**Source data:**
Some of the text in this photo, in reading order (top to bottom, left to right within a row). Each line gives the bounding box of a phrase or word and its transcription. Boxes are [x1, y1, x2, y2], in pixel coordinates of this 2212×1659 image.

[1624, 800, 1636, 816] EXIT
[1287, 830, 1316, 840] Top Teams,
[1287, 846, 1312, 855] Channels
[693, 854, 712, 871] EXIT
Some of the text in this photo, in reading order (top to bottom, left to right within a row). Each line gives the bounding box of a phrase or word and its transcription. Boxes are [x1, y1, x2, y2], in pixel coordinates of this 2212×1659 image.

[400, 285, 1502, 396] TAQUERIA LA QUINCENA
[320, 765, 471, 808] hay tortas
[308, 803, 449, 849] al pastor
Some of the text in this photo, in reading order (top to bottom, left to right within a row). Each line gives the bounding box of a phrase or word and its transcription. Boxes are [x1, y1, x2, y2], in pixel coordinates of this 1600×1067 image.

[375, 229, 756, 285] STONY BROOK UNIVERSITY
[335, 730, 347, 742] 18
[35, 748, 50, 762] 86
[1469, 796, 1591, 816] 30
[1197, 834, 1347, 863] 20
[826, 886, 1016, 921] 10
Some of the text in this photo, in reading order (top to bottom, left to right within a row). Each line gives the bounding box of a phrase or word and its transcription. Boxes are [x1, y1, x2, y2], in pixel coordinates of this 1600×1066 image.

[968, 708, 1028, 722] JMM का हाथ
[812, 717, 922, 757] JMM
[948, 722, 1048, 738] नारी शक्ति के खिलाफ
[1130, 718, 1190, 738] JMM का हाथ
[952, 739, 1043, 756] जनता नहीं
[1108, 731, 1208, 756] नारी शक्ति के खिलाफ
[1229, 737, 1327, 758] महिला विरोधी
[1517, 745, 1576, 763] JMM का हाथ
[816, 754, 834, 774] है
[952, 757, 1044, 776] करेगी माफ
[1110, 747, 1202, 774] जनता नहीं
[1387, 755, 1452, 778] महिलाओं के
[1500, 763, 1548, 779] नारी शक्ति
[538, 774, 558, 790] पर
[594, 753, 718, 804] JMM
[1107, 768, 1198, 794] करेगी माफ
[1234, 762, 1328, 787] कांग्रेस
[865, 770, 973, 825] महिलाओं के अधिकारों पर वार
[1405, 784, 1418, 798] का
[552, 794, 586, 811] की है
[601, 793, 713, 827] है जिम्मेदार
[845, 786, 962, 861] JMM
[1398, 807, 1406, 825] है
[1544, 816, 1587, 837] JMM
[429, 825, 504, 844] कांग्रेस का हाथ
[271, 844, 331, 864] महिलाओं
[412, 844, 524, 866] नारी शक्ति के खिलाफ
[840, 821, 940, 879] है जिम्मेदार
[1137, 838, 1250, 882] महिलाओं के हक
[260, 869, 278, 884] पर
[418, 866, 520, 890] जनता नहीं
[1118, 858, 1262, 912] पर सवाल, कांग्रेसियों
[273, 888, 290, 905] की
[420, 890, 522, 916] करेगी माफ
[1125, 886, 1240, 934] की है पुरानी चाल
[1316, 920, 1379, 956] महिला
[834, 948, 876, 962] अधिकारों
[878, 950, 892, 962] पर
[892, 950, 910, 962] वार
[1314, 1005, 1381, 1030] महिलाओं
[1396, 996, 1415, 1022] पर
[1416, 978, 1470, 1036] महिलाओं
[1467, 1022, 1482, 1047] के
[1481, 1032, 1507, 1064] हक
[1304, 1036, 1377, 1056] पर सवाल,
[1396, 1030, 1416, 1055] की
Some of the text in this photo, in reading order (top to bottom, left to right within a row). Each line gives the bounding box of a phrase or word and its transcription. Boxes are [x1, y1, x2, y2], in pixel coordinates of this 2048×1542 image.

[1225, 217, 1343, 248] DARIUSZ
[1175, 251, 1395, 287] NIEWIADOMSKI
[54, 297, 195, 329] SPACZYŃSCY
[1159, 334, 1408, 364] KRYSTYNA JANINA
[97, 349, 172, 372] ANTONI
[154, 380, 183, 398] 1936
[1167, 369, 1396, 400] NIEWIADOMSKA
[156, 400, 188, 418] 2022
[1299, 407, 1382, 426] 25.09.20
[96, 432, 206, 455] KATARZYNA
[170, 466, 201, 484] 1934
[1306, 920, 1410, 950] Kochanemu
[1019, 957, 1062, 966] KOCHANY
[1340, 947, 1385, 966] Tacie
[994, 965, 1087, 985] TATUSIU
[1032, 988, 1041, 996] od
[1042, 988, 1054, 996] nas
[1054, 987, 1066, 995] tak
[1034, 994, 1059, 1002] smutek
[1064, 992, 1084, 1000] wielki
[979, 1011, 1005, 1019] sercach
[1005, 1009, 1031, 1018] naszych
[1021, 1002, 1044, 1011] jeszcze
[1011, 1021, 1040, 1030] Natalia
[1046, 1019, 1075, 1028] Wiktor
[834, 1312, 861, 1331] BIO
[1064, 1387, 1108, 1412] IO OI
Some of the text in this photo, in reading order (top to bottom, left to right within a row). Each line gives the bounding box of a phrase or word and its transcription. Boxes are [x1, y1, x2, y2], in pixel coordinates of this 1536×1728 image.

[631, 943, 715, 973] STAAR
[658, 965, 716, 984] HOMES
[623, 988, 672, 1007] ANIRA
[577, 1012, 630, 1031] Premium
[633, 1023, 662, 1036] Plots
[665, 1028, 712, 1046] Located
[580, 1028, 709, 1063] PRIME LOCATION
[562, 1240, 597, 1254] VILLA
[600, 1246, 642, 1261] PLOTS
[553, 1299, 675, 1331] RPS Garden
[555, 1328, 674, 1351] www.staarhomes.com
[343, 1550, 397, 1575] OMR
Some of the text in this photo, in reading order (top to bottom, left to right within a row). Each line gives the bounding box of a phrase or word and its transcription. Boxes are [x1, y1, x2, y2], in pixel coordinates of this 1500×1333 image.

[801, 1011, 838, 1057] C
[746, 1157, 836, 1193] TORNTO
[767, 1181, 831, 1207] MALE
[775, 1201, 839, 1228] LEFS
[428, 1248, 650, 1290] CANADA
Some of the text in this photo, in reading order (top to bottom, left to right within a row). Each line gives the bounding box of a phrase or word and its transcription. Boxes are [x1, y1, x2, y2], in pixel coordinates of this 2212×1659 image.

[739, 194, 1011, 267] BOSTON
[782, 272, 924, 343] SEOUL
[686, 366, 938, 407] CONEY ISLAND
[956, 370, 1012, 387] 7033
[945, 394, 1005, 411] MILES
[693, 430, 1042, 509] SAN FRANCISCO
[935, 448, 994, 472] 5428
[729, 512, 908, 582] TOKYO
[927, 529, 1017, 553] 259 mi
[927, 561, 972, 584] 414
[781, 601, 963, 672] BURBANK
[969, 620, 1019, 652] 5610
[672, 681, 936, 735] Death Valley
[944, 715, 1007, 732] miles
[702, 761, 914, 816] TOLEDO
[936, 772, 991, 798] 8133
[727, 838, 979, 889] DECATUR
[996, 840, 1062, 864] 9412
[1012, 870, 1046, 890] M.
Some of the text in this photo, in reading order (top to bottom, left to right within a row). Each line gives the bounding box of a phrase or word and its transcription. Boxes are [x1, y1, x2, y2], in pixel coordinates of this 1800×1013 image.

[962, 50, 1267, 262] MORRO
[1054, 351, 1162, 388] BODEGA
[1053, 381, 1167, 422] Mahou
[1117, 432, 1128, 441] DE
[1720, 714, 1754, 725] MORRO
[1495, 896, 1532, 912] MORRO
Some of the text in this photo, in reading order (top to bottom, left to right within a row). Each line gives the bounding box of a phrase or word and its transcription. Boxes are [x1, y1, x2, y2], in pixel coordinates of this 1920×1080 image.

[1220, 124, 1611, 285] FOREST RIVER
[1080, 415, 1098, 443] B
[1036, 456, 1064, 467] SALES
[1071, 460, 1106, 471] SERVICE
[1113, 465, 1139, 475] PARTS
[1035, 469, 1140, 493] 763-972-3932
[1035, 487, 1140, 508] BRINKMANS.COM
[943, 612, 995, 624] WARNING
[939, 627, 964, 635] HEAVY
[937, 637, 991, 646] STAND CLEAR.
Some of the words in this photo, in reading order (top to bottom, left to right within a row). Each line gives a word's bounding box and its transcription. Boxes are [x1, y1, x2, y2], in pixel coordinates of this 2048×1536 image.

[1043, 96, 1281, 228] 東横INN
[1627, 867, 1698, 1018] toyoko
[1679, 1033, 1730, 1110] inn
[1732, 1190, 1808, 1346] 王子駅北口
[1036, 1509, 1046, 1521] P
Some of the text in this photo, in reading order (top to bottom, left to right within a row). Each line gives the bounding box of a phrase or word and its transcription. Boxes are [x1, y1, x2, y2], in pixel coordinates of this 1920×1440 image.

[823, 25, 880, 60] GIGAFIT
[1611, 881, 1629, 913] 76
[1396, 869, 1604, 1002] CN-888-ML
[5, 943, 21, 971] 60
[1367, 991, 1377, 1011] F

**PROBLEM DESCRIPTION:**
Only output the lines from the one with "Some of the words" through the end of the entries above, exactly as they are.

**SOLUTION:**
Some of the words in this photo, in reading order (top to bottom, left to right within a row). Each line gives a word's bounding box and its transcription. Boxes are [x1, y1, x2, y2], in pixel coordinates of this 2048×1536 image.

[1043, 96, 1281, 228] 東横INN
[1627, 867, 1698, 1018] toyoko
[1679, 1033, 1730, 1110] inn
[1732, 1190, 1808, 1346] 王子駅北口
[1036, 1509, 1046, 1521] P
Some of the text in this photo, in reading order (top to bottom, left to right within a row). Each line gives the bounding box of a phrase or word and its transcription. Boxes are [x1, y1, x2, y2], in pixel coordinates of this 1920×1440 image.

[823, 25, 880, 60] GIGAFIT
[1611, 881, 1629, 913] 76
[1396, 869, 1604, 1002] CN-888-ML
[5, 943, 21, 971] 60
[1367, 991, 1377, 1011] F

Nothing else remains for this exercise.